Unterbrechung der Therapie

Ja, Sie können Ihre Anwendungen zum Beispiel wegen Urlaub oder Krankheit einmal oder mehrfach unterbrechen. Dann ist wichtig, dass die gesamte Behandlungsdauer für die Verordnung bestimmte Zeiträume nicht überschreitet. Bei zu langen Unterbrechungen oder Behandlungszeiträumen ist Ihre Verordnung nicht mehr gültig. Dann benötigen Sie ein neues Rezept. Gesetzlich Versicherte sind verpflichtet die Behandlungsserie binnen 28 Tagen zu beginnen. Unterbrechungen von mehr als 14 Tagen müssen bei der Krankenkasse argumentiert werden. Diese behält sich dann das Recht vor die, die Behandlungseinheiten nach der Unterbrechung als weiterhin notwendig zu betrachten.

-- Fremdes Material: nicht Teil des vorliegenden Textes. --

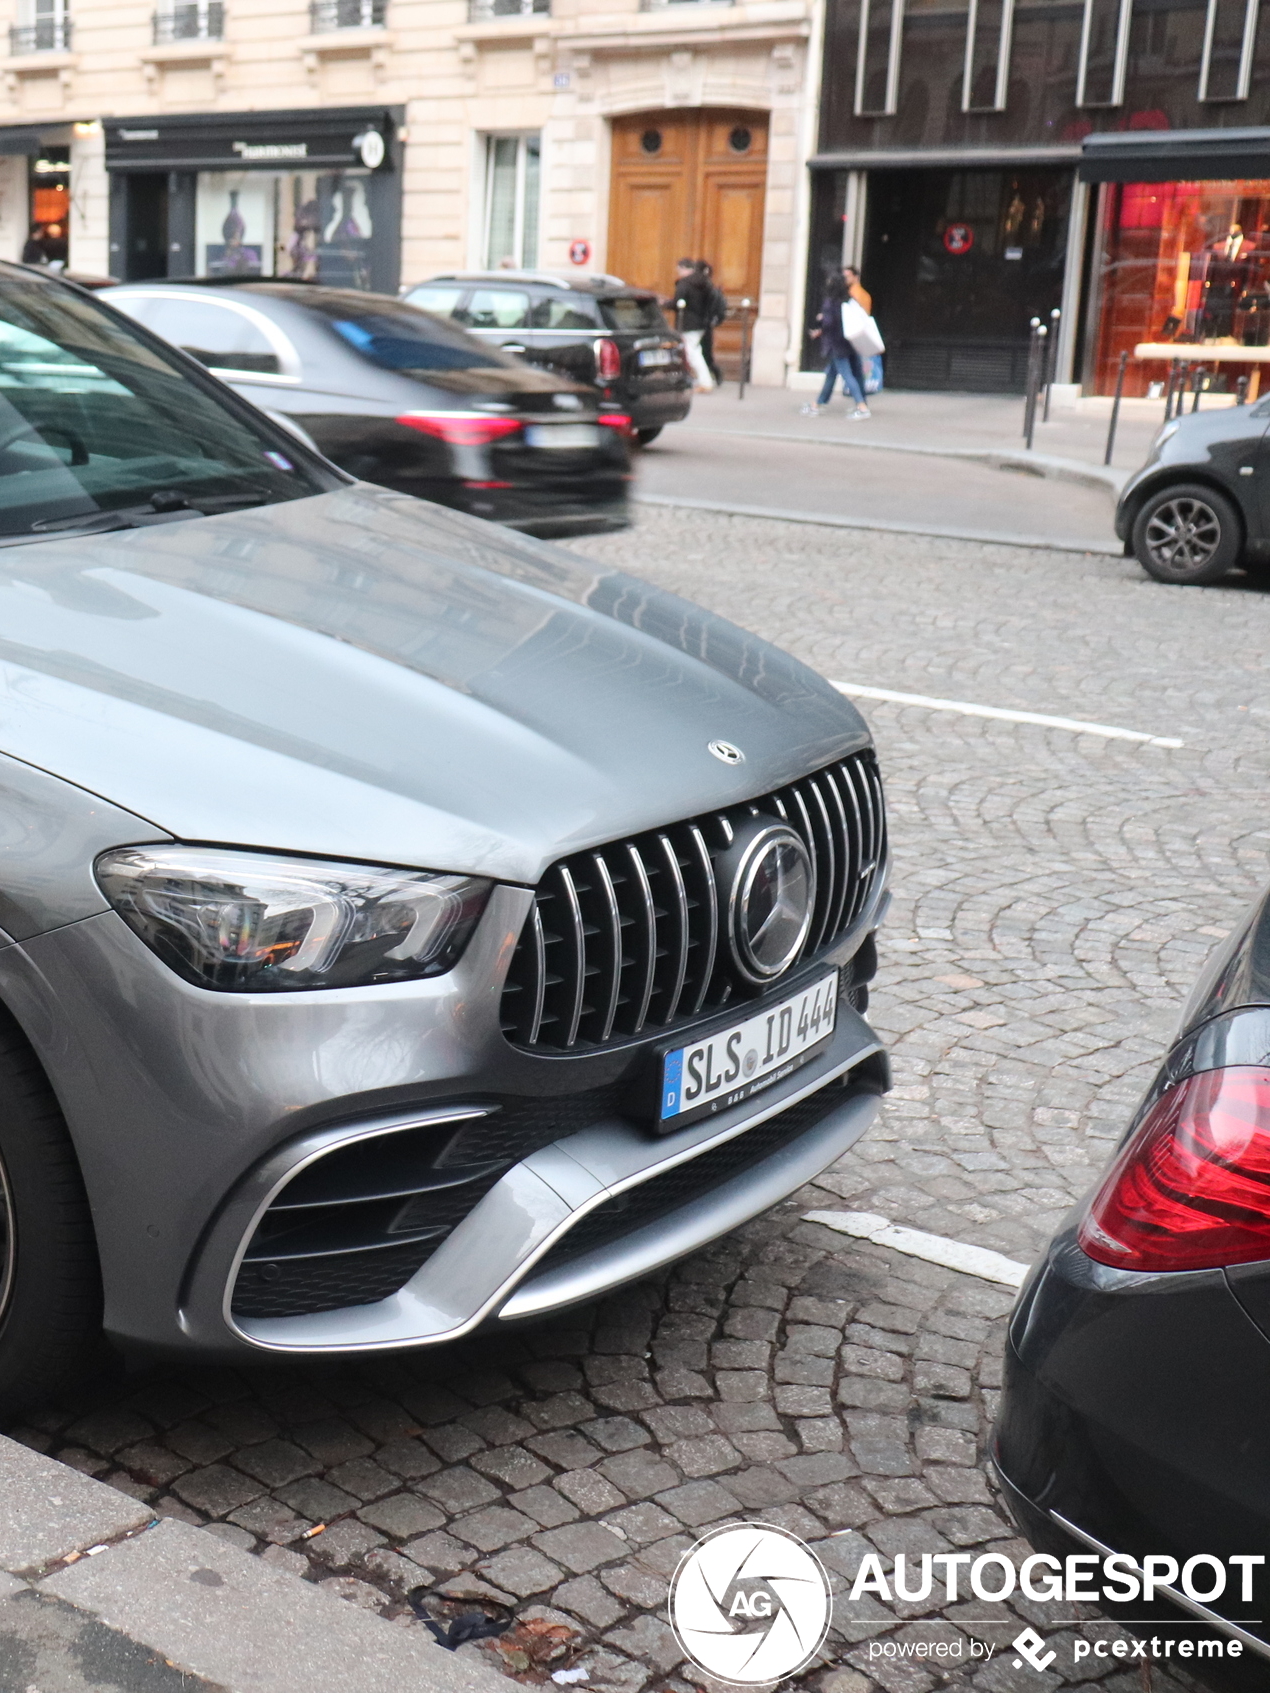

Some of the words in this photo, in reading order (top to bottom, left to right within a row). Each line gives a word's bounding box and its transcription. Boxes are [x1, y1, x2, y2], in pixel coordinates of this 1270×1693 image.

[685, 1031, 742, 1101] SLS
[762, 1005, 792, 1066] ID
[796, 979, 834, 1042] 444
[667, 1091, 676, 1108] D
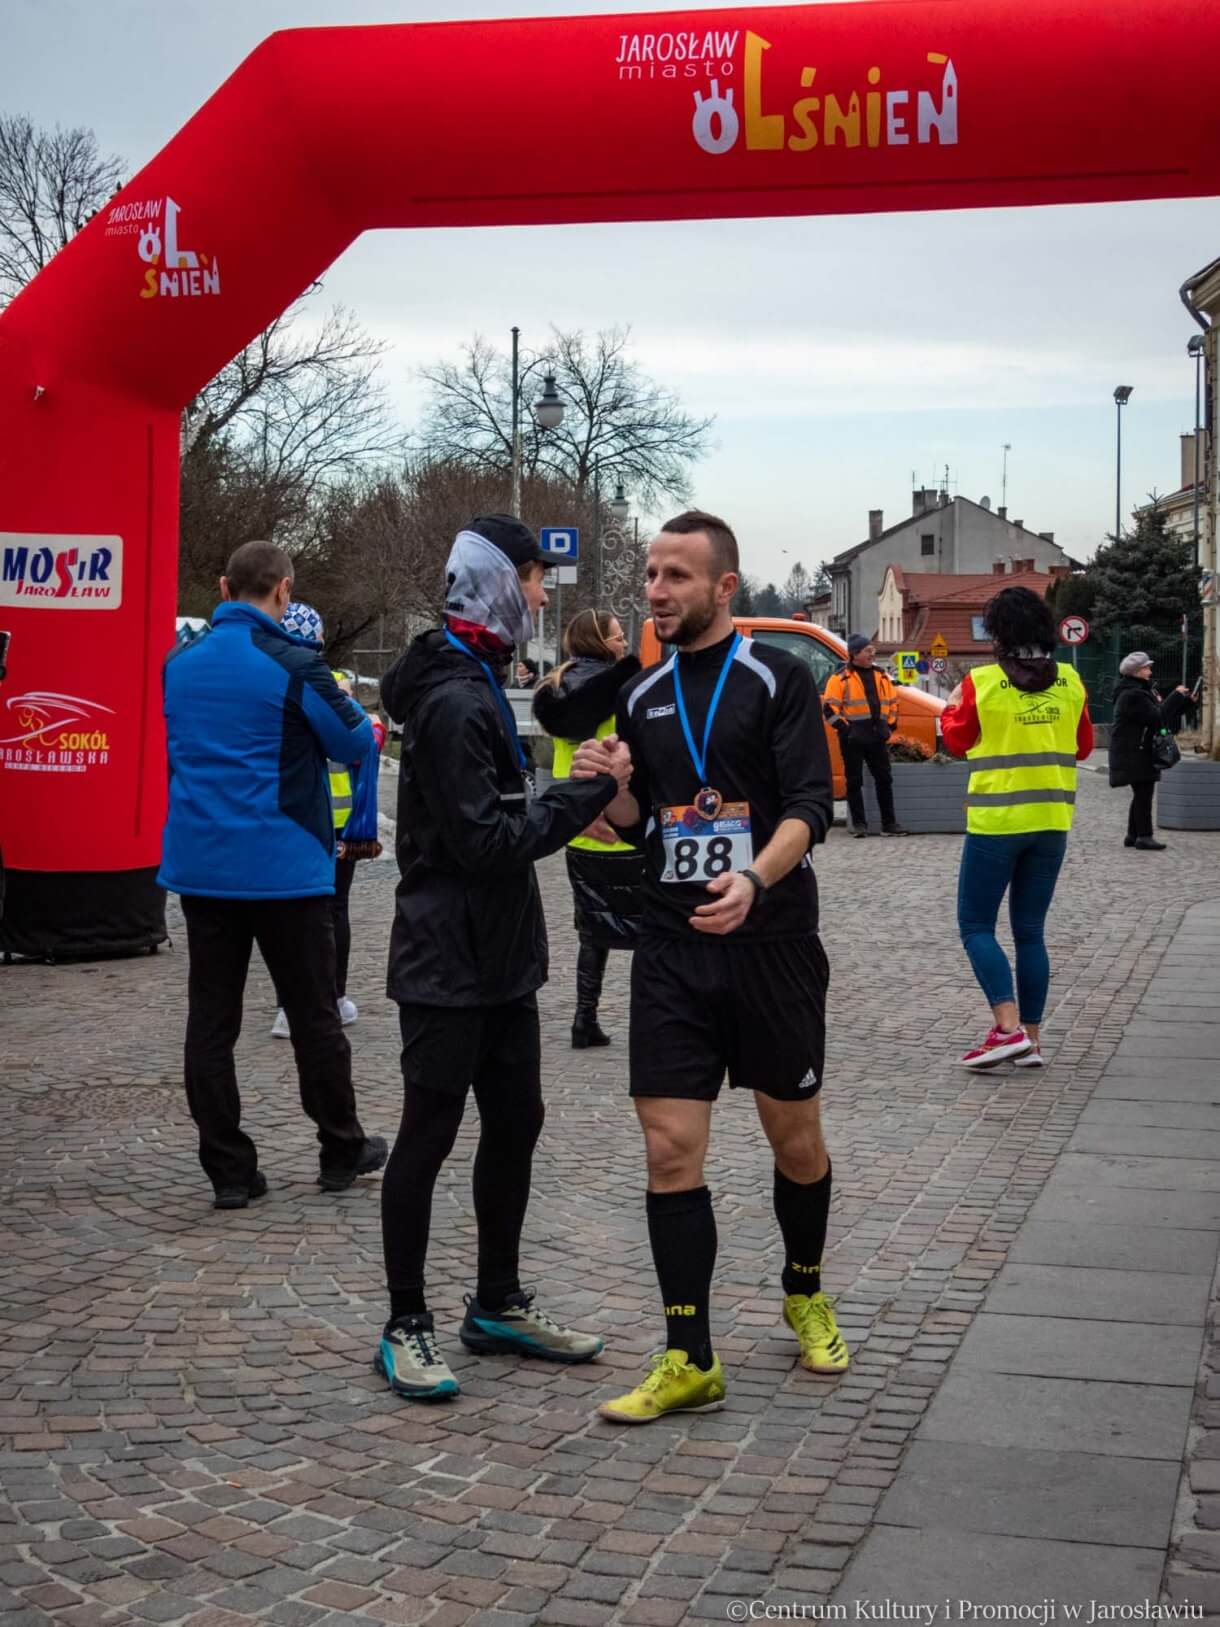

Weitere Aspekte der Physiotherapie

Physiotherapie zielt darauf ab, die Bewegungsfähigkeit zu verbessern und kann Operationen oder Medikamente ergänzen oder ersetzen. Sie hilft bei akuten Erkrankungen und Verletzungen und kann auch vorbeugend sinnvoll sein. Physiotherapie umfasst viele aktive und passive Behandlungsverfahren und wird in der Rehabilitation, Therapie und Prävention eingesetzt. Häufig verordnet werden Bewegungstherapie bzw. Krankengymnastik und physikalische Anwendungen wie Massagen oder Lymphdrainage. Das Hauptziel der Physiotherapie ist, die Leistungsfähigkeit des gesamten Organismus zu verbessern oder wiederherzustellen. Im Therapieplan werden die Ziele der Therapie aufgrund der ärztlichen Verordnung und der Untersuchung durch den Physiotherapeuten erfasst. Rehabilitation bedeutet die Wiederherstellung von Fähigkeiten, die eine Teilnahme am täglichen Leben trotz körperlicher Beeinträchtigungen ermöglichen. Die Maßnahmen der Physiotherapie zählen zu den sog. Heilmitteln. Alle erstattungsfähigen Heilmittel werden vertraglich in der Heilmittel-Richtline vereinbart und im Heilmittelkatalog festgehalten. Physiotherapie muss ärztlich verordnet werden. In der Regel müssen Versicherte ab dem 18. Lebensjahr zuzahlen.